§ **PROBLEM DESCRIPTION**
Would you write out the entries that follow word for word, omitting any images?

§ **SOURCE MATERIAL**
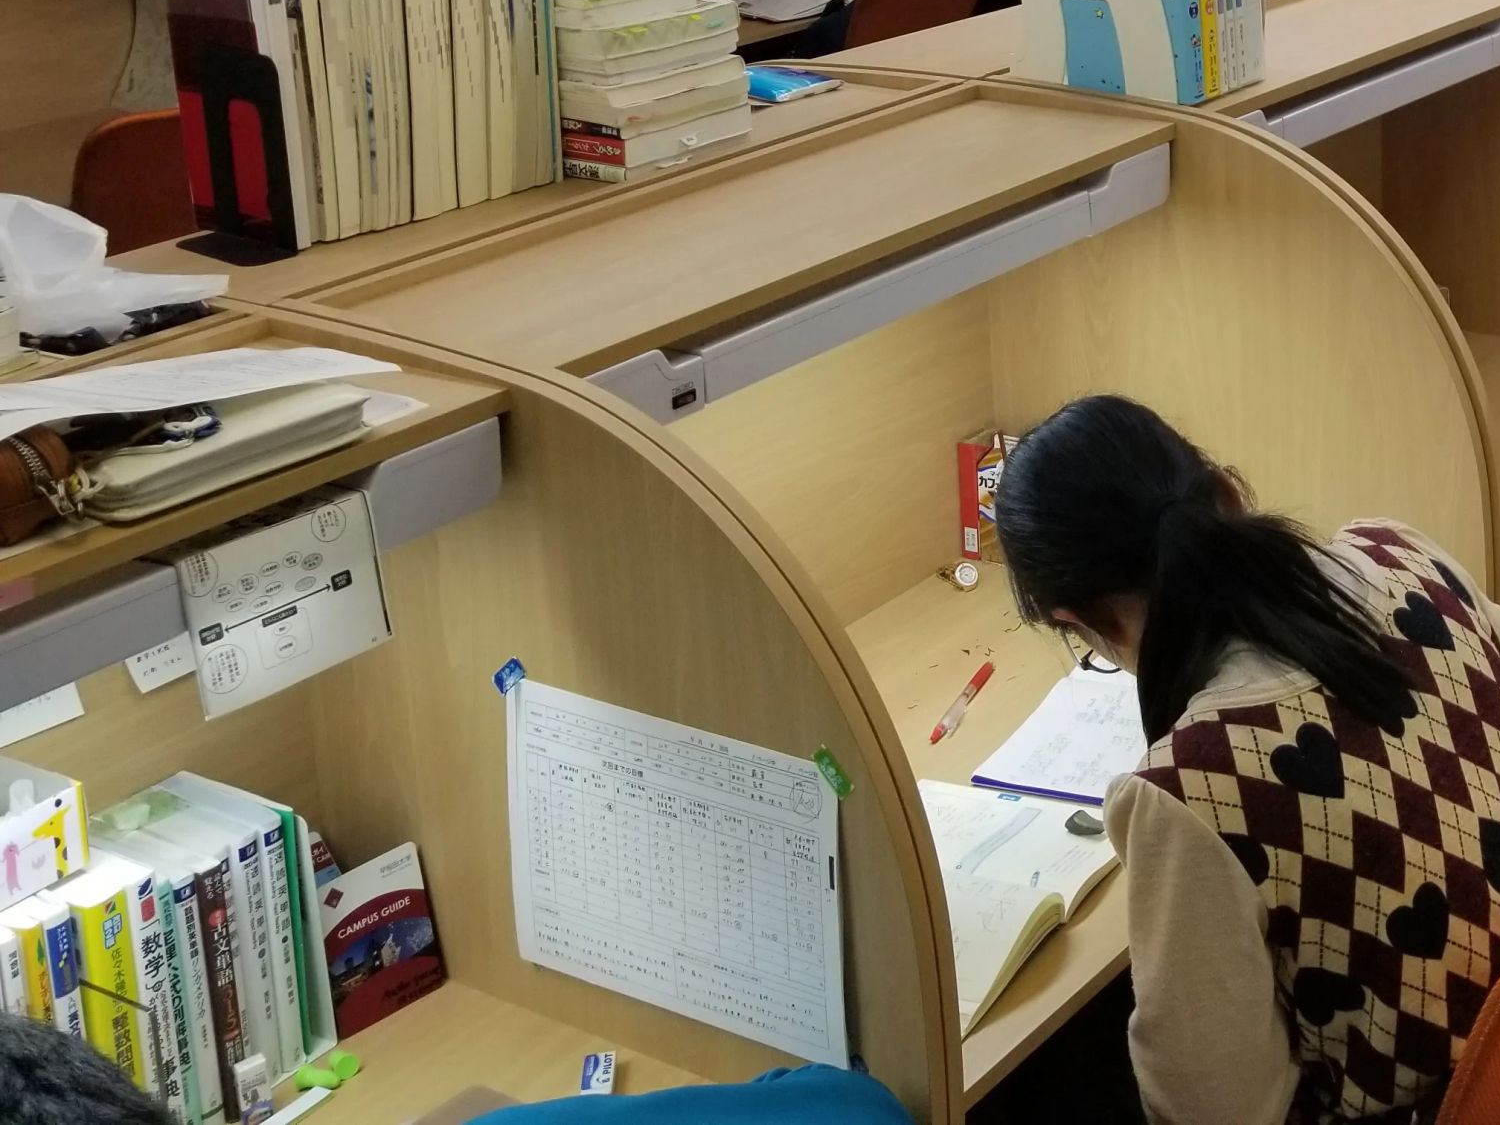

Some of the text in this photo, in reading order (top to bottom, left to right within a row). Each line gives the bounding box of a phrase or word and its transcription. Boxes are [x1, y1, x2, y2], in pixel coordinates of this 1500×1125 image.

[601, 760, 644, 778] 次回までの目標
[337, 896, 411, 939] CAMPUS GUIDE
[141, 931, 165, 979] 数学
[211, 922, 234, 987] 古文単語
[602, 1053, 613, 1075] PILOT

§ **SOLUTION BELOW**
Some of the text in this photo, in reading order (top to bottom, left to right within a row). Each line gives the bounding box of a phrase or word and its transcription. Boxes are [x1, y1, x2, y2], in pixel coordinates of this 1500×1125 image.

[601, 760, 644, 778] 次回までの目標
[337, 896, 411, 939] CAMPUS GUIDE
[141, 931, 165, 979] 数学
[211, 922, 234, 987] 古文単語
[602, 1053, 613, 1075] PILOT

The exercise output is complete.